La literatura, la naturaleza, la vida

Javier Adúriz
(Inés Aráoz: Echazón y otros poemas)

 

Una mujer mira el paisaje, lo mira, lo ve. Presiente el ojo de un águila refractando el mundo y la Tierra queda en suspenso. Una mujer ve por entre nubes el abrirse del cielo y lleva en su espíritu un trozo de naturaleza, como si fuera un significado, donde lo alto y lo bajo se encuentran.

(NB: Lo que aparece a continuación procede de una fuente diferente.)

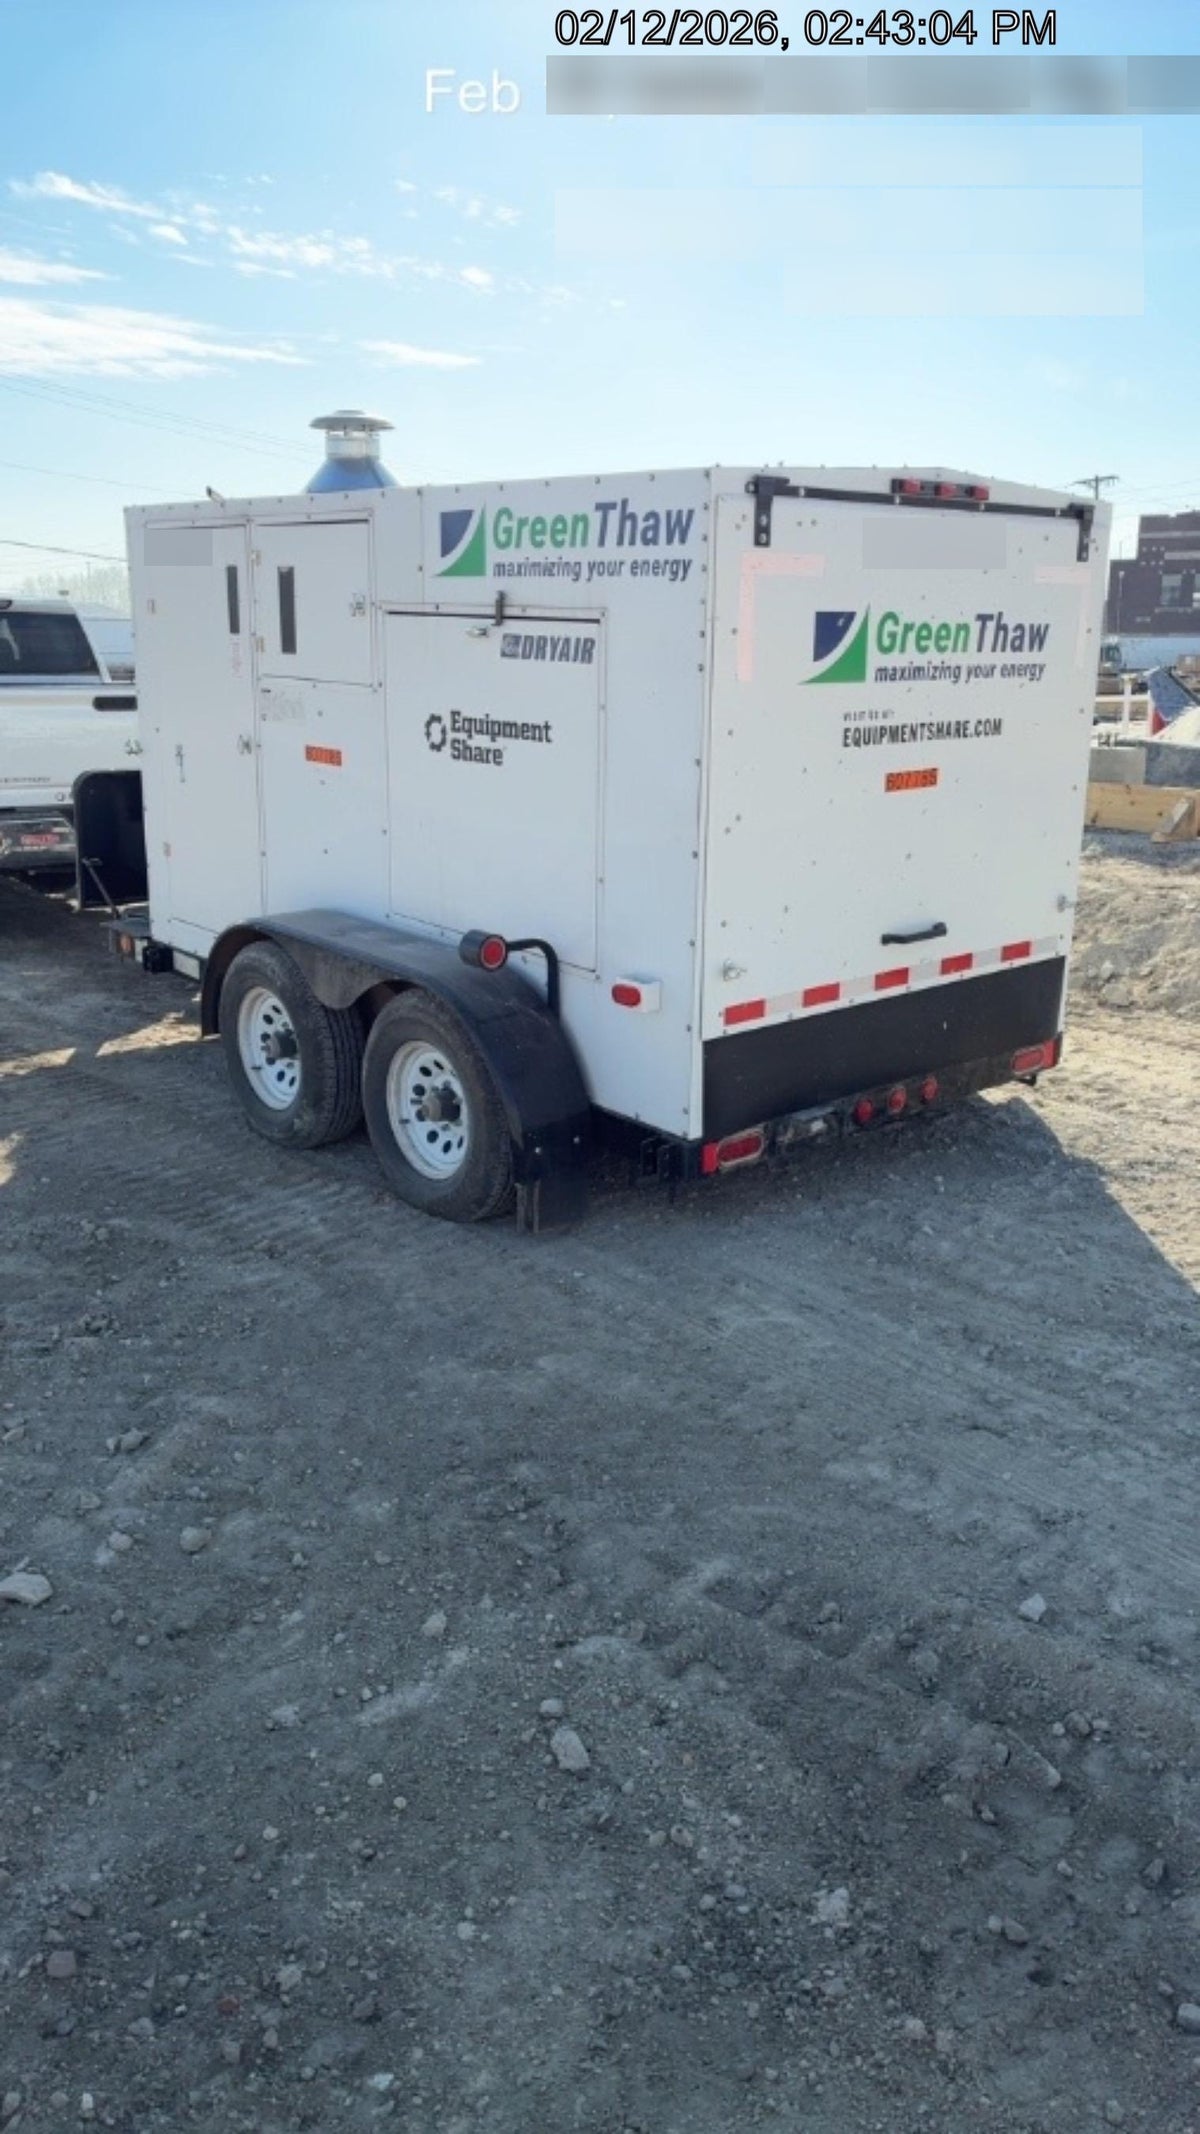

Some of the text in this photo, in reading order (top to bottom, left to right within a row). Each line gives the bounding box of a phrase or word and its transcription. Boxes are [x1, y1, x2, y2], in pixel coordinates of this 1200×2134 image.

[493, 557, 692, 582] maximizing your energy
[521, 635, 596, 664] DRYAIR
[875, 661, 1046, 684] maximizing your energy
[450, 711, 552, 743] Equipment
[843, 718, 1003, 748] EQUIPMENTSHARE.COM
[450, 740, 503, 766] Share

En esta hipótesis, esa mujer es Inés Aráoz para quien la poesía es un precipitado final de la contemplación, la práctica revelatoria de la estructura esencial de la vida.

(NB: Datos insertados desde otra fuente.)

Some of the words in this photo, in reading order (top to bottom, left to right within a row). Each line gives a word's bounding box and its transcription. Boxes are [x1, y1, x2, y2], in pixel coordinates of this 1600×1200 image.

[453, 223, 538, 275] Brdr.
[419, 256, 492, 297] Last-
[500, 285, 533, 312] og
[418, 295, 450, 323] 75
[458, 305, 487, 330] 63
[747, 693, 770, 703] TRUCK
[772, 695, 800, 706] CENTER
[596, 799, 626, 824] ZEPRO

En efecto, hay un poema, en la segunda parte del libro, titulado “Imponderable” que otorga la pista de aquella dinámica: “La distancia que nos une al libro / a una flor / al amado / -imponderable- / nos devuelve el canto / -y no hay voz- / la luz / -y los ojos se han cerrado.” Una dinámica que como se ve, multiplica el canal de percepción entre la literatura, la naturaleza y la vida, las tres instancias que conforman su subjetividad en dirección a lo poético. Es que de algún modo, cada poema de Echazón resulta la celebración de un hecho, toda vez que “de lo profundo a lo alto oscilo” en la querencia “de esa medida exacta /  que fue el amor.”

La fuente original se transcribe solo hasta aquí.